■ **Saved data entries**
⟨
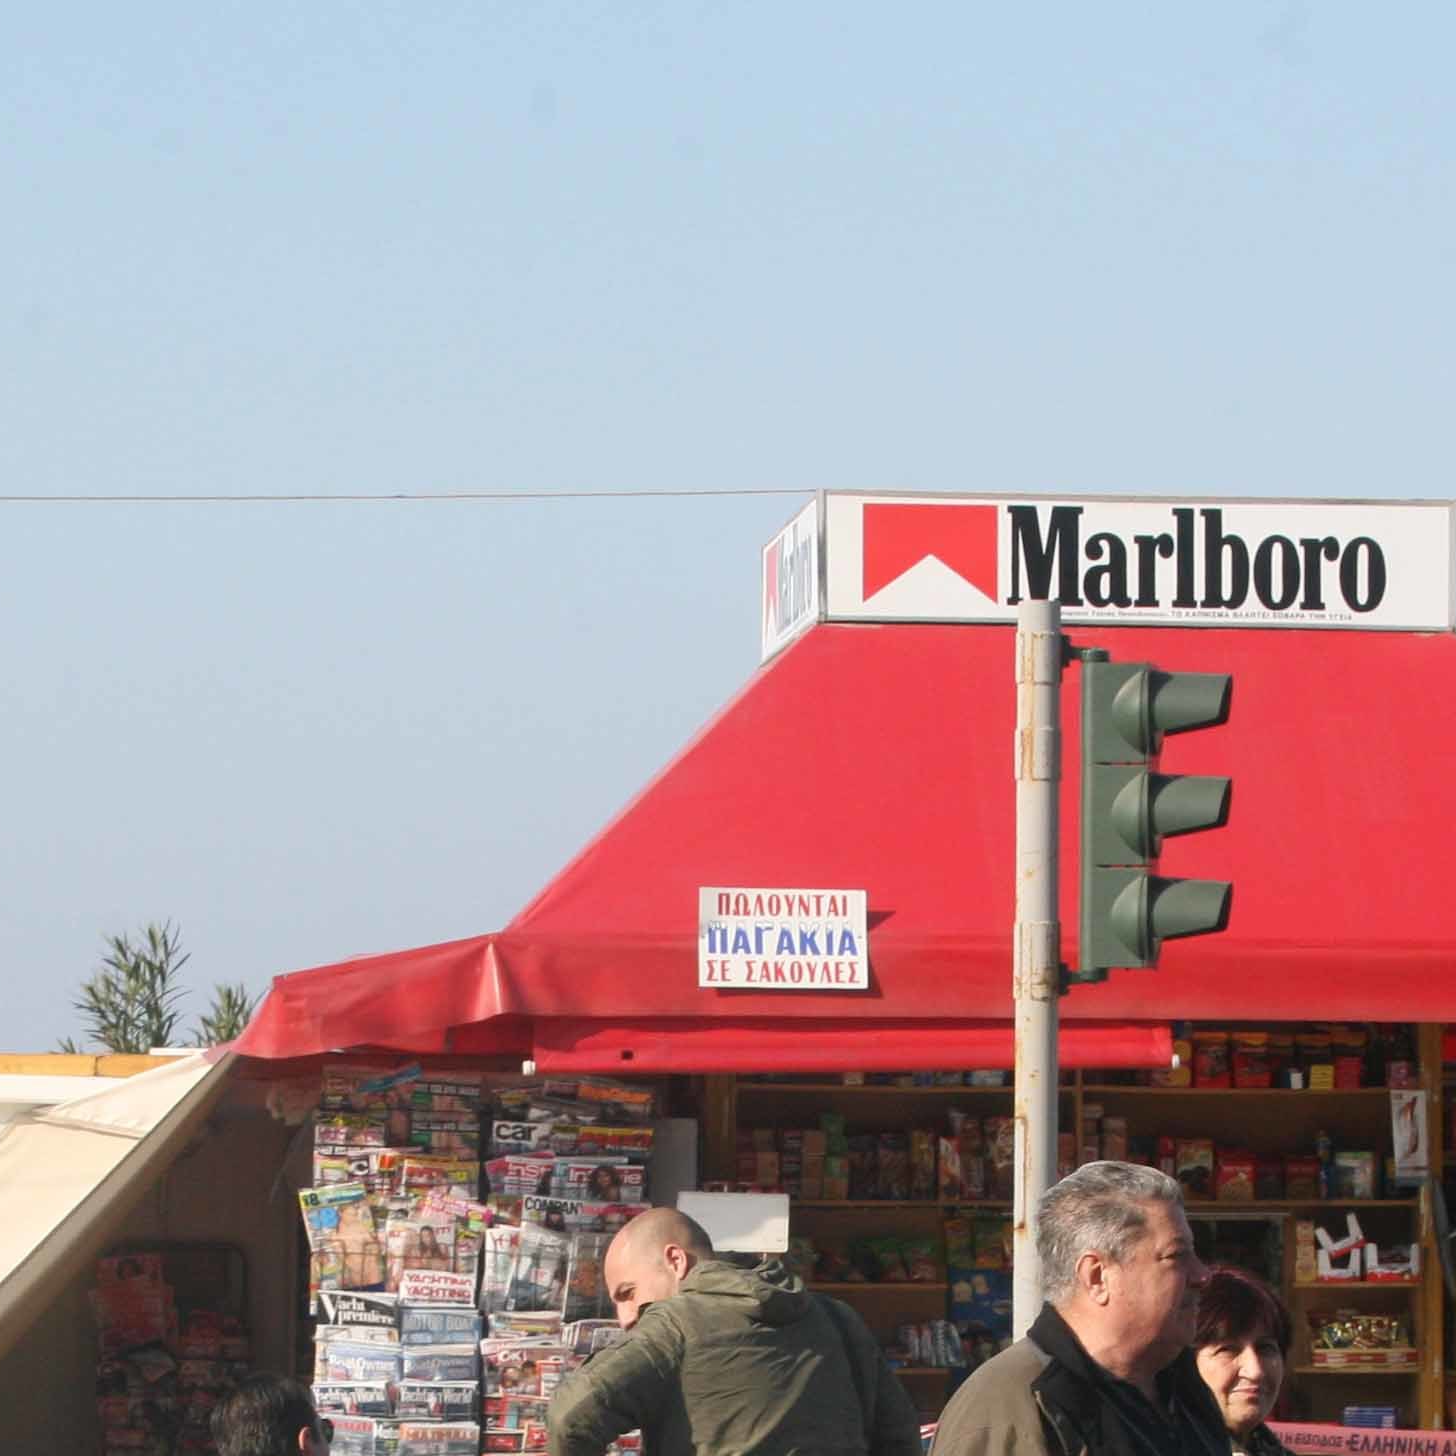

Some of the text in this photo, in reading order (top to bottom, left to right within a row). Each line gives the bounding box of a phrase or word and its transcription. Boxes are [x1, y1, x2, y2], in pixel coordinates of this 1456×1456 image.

[1007, 504, 1386, 613] Marlboro
[717, 892, 848, 917] ΠΩΛΟΥΝΤΑΙ
[706, 922, 859, 956] ΠΑΓΑΚΙΑ
[706, 960, 861, 984] ΣΕ ΣΑΚΟΥΛΕΣ
[1349, 1433, 1438, 1456] ΕΛΛΗΝΙΚΗ
⟩
■ **ASSIGNED TASK**
Please copy the data shown above, line by line and exactly, omitting the images.

■ **TASK RESULT**
Some of the text in this photo, in reading order (top to bottom, left to right within a row). Each line gives the bounding box of a phrase or word and its transcription. Boxes are [x1, y1, x2, y2], in pixel coordinates of this 1456×1456 image.

[1007, 504, 1386, 613] Marlboro
[717, 892, 848, 917] ΠΩΛΟΥΝΤΑΙ
[706, 922, 859, 956] ΠΑΓΑΚΙΑ
[706, 960, 861, 984] ΣΕ ΣΑΚΟΥΛΕΣ
[1349, 1433, 1438, 1456] ΕΛΛΗΝΙΚΗ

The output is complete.